━━━ Dataset records ━━━

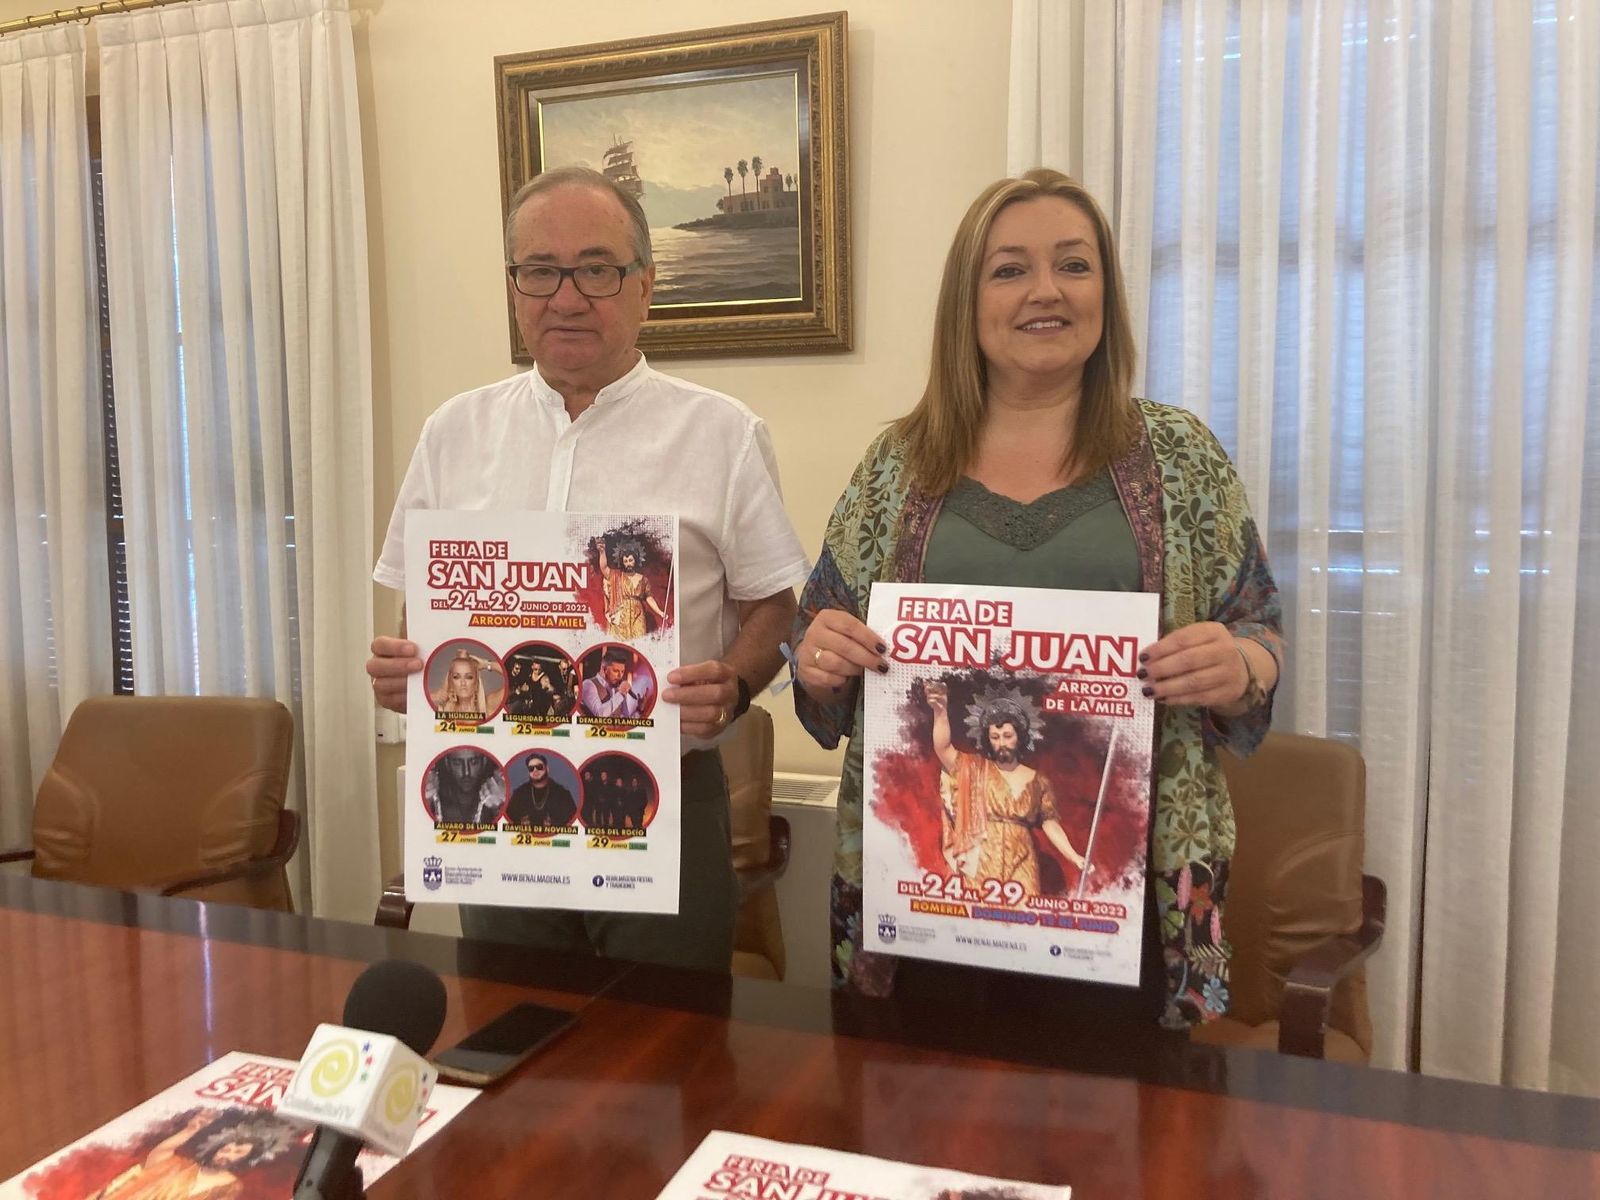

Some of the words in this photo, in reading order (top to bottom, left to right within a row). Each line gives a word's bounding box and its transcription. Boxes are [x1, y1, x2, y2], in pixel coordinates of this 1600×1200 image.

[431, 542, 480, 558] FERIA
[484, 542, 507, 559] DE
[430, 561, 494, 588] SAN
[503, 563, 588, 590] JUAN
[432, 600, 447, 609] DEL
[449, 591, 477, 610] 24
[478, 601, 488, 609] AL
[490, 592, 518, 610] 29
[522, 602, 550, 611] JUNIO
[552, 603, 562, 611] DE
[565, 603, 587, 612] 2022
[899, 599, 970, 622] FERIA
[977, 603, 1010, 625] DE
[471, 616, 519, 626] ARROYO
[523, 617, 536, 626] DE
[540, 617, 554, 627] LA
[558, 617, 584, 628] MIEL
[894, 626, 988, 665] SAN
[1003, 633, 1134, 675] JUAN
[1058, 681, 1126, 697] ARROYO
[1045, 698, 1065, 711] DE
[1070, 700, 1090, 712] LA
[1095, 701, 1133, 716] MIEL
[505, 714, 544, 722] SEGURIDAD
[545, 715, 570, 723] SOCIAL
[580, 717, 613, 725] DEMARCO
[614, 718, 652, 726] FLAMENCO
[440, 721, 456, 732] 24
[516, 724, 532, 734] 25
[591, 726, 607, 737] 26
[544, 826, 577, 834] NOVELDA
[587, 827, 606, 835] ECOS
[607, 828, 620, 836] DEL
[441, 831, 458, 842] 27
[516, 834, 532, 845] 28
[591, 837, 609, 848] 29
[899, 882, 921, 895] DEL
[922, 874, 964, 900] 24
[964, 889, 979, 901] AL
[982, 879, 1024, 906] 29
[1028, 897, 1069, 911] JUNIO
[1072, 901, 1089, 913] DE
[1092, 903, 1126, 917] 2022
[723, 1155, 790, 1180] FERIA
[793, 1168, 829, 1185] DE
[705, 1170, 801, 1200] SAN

━━━

:: Your goal ::
All the lines above need to be repeated exactly, with no pictures carried over.

:: Your solution ::
Some of the words in this photo, in reading order (top to bottom, left to right within a row). Each line gives a word's bounding box and its transcription. Boxes are [x1, y1, x2, y2], in pixel coordinates of this 1600×1200 image.

[431, 542, 480, 558] FERIA
[484, 542, 507, 559] DE
[430, 561, 494, 588] SAN
[503, 563, 588, 590] JUAN
[432, 600, 447, 609] DEL
[449, 591, 477, 610] 24
[478, 601, 488, 609] AL
[490, 592, 518, 610] 29
[522, 602, 550, 611] JUNIO
[552, 603, 562, 611] DE
[565, 603, 587, 612] 2022
[899, 599, 970, 622] FERIA
[977, 603, 1010, 625] DE
[471, 616, 519, 626] ARROYO
[523, 617, 536, 626] DE
[540, 617, 554, 627] LA
[558, 617, 584, 628] MIEL
[894, 626, 988, 665] SAN
[1003, 633, 1134, 675] JUAN
[1058, 681, 1126, 697] ARROYO
[1045, 698, 1065, 711] DE
[1070, 700, 1090, 712] LA
[1095, 701, 1133, 716] MIEL
[505, 714, 544, 722] SEGURIDAD
[545, 715, 570, 723] SOCIAL
[580, 717, 613, 725] DEMARCO
[614, 718, 652, 726] FLAMENCO
[440, 721, 456, 732] 24
[516, 724, 532, 734] 25
[591, 726, 607, 737] 26
[544, 826, 577, 834] NOVELDA
[587, 827, 606, 835] ECOS
[607, 828, 620, 836] DEL
[441, 831, 458, 842] 27
[516, 834, 532, 845] 28
[591, 837, 609, 848] 29
[899, 882, 921, 895] DEL
[922, 874, 964, 900] 24
[964, 889, 979, 901] AL
[982, 879, 1024, 906] 29
[1028, 897, 1069, 911] JUNIO
[1072, 901, 1089, 913] DE
[1092, 903, 1126, 917] 2022
[723, 1155, 790, 1180] FERIA
[793, 1168, 829, 1185] DE
[705, 1170, 801, 1200] SAN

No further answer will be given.